### TASK PROMPT
Copy every record below exactly as written, but leave out the pictures.

+++

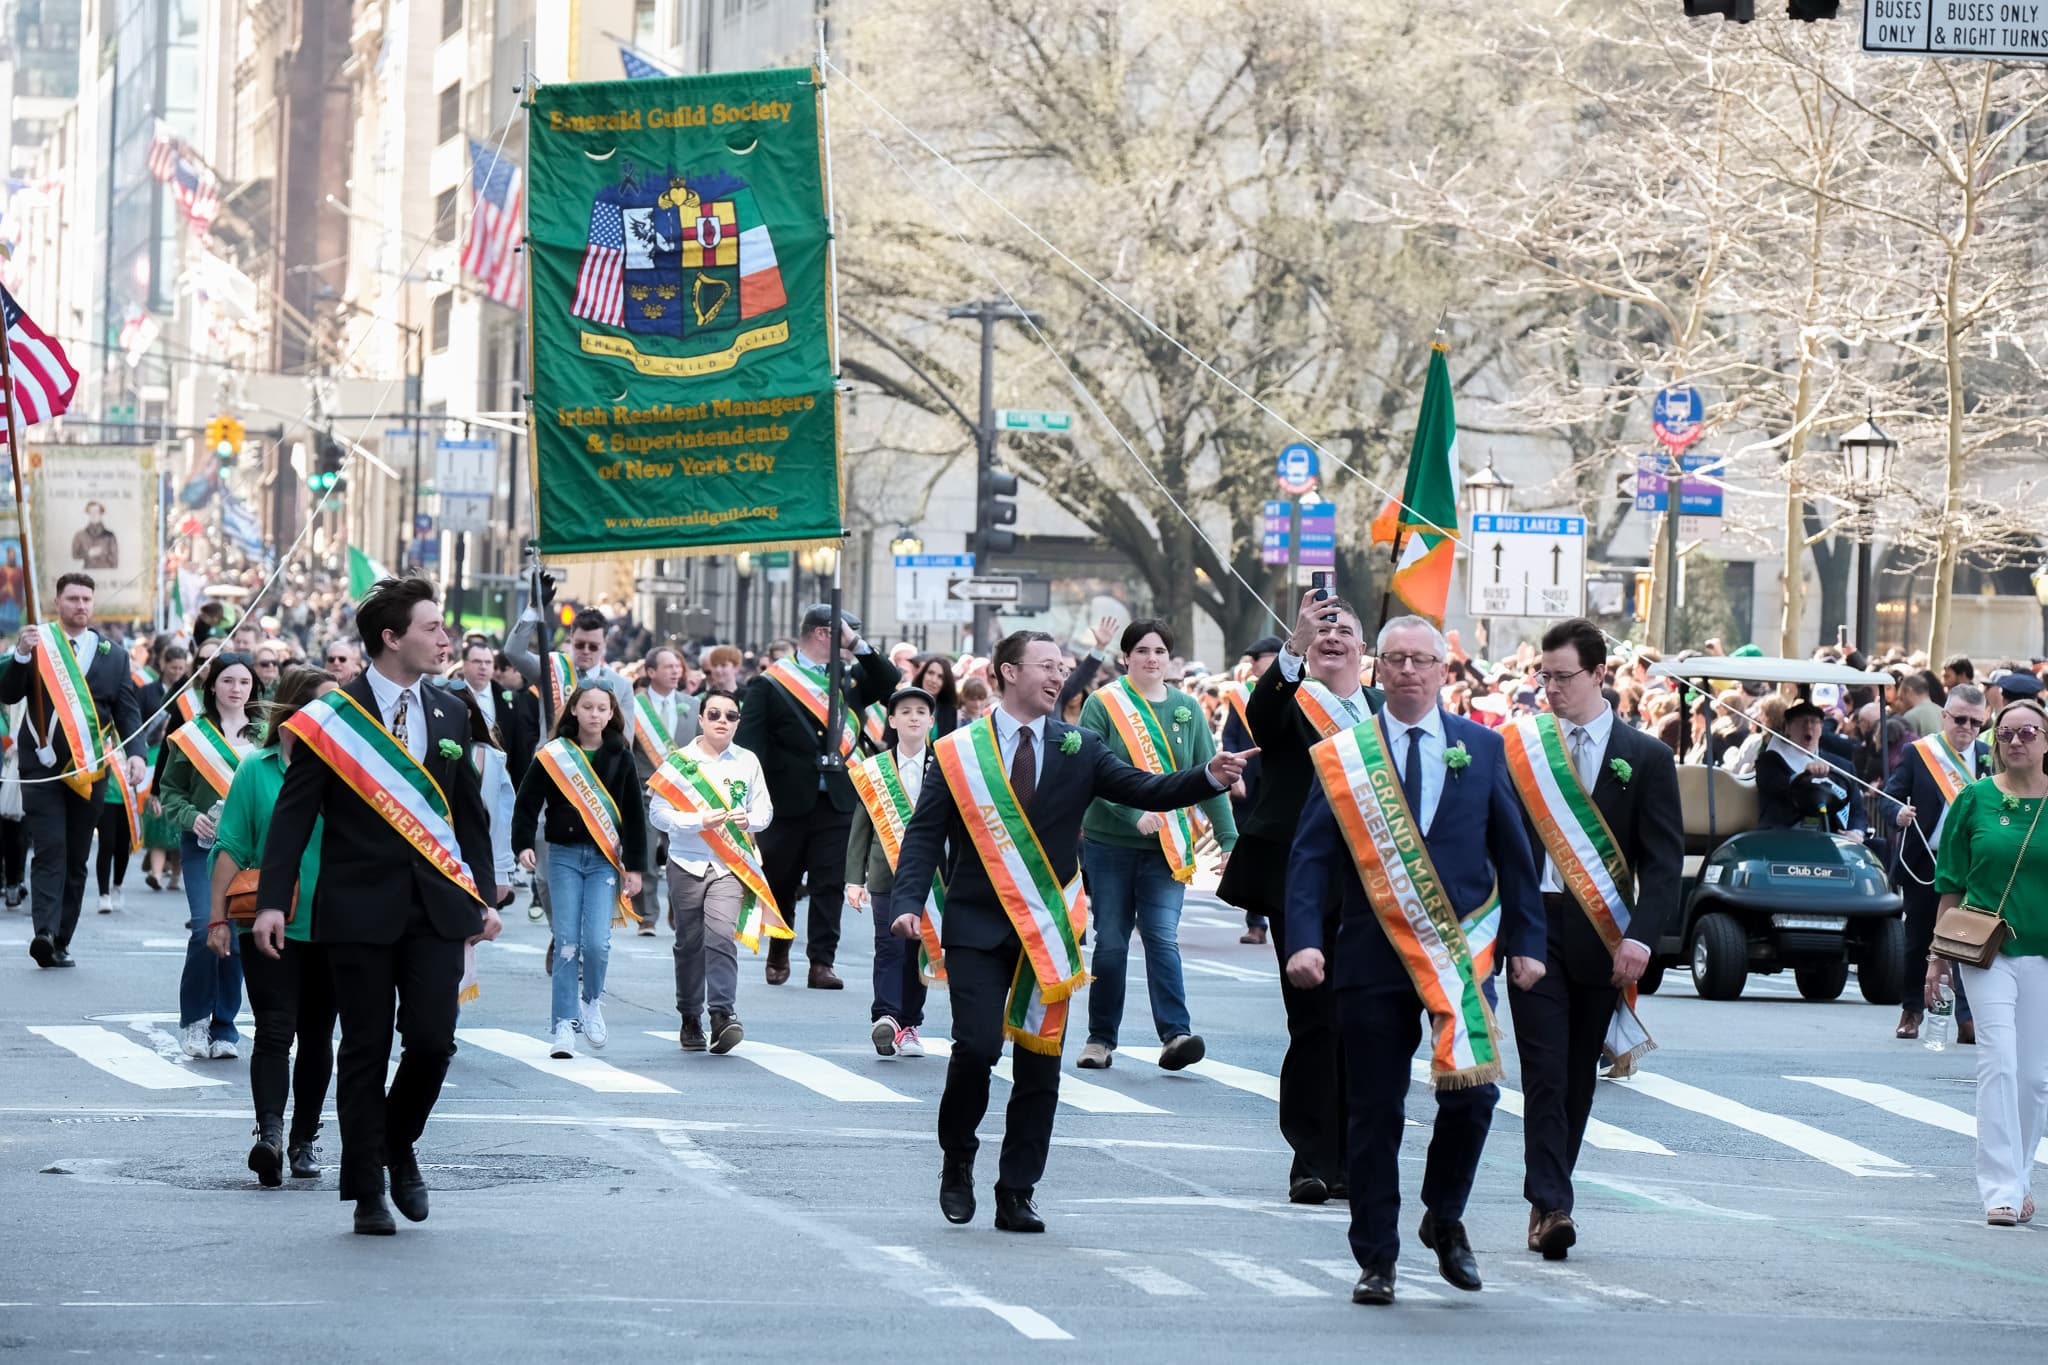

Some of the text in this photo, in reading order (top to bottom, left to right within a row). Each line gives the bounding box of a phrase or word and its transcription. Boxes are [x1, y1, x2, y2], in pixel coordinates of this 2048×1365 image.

[1875, 0, 1922, 20] BUSES
[1947, 3, 2039, 24] BUSES ONLY
[1878, 24, 1916, 43] ONLY
[1934, 26, 2048, 48] & RIGHT TURNS
[550, 101, 792, 132] Emerald Guild Society
[558, 395, 815, 428] Irish Resident Managers
[586, 423, 790, 454] & Superintendents
[598, 452, 776, 480] of New York City
[604, 504, 778, 529] www.emeraldguild.org
[1495, 517, 1561, 534] BUS LANES
[50, 649, 77, 707] MARSHAL
[571, 773, 611, 831] EMERALD
[371, 789, 458, 874] EMERALD
[979, 805, 1016, 855] AIDE
[1353, 781, 1450, 970] EMERALD GUILD
[1371, 769, 1468, 966] GRAND MARSHAL
[1541, 815, 1604, 912] EMERALD
[1787, 865, 1833, 877] Club Car

+++

### TASK ANSWER
Some of the text in this photo, in reading order (top to bottom, left to right within a row). Each line gives the bounding box of a phrase or word and its transcription. Boxes are [x1, y1, x2, y2], in pixel coordinates of this 2048×1365 image.

[1875, 0, 1922, 20] BUSES
[1947, 3, 2039, 24] BUSES ONLY
[1878, 24, 1916, 43] ONLY
[1934, 26, 2048, 48] & RIGHT TURNS
[550, 101, 792, 132] Emerald Guild Society
[558, 395, 815, 428] Irish Resident Managers
[586, 423, 790, 454] & Superintendents
[598, 452, 776, 480] of New York City
[604, 504, 778, 529] www.emeraldguild.org
[1495, 517, 1561, 534] BUS LANES
[50, 649, 77, 707] MARSHAL
[571, 773, 611, 831] EMERALD
[371, 789, 458, 874] EMERALD
[979, 805, 1016, 855] AIDE
[1353, 781, 1450, 970] EMERALD GUILD
[1371, 769, 1468, 966] GRAND MARSHAL
[1541, 815, 1604, 912] EMERALD
[1787, 865, 1833, 877] Club Car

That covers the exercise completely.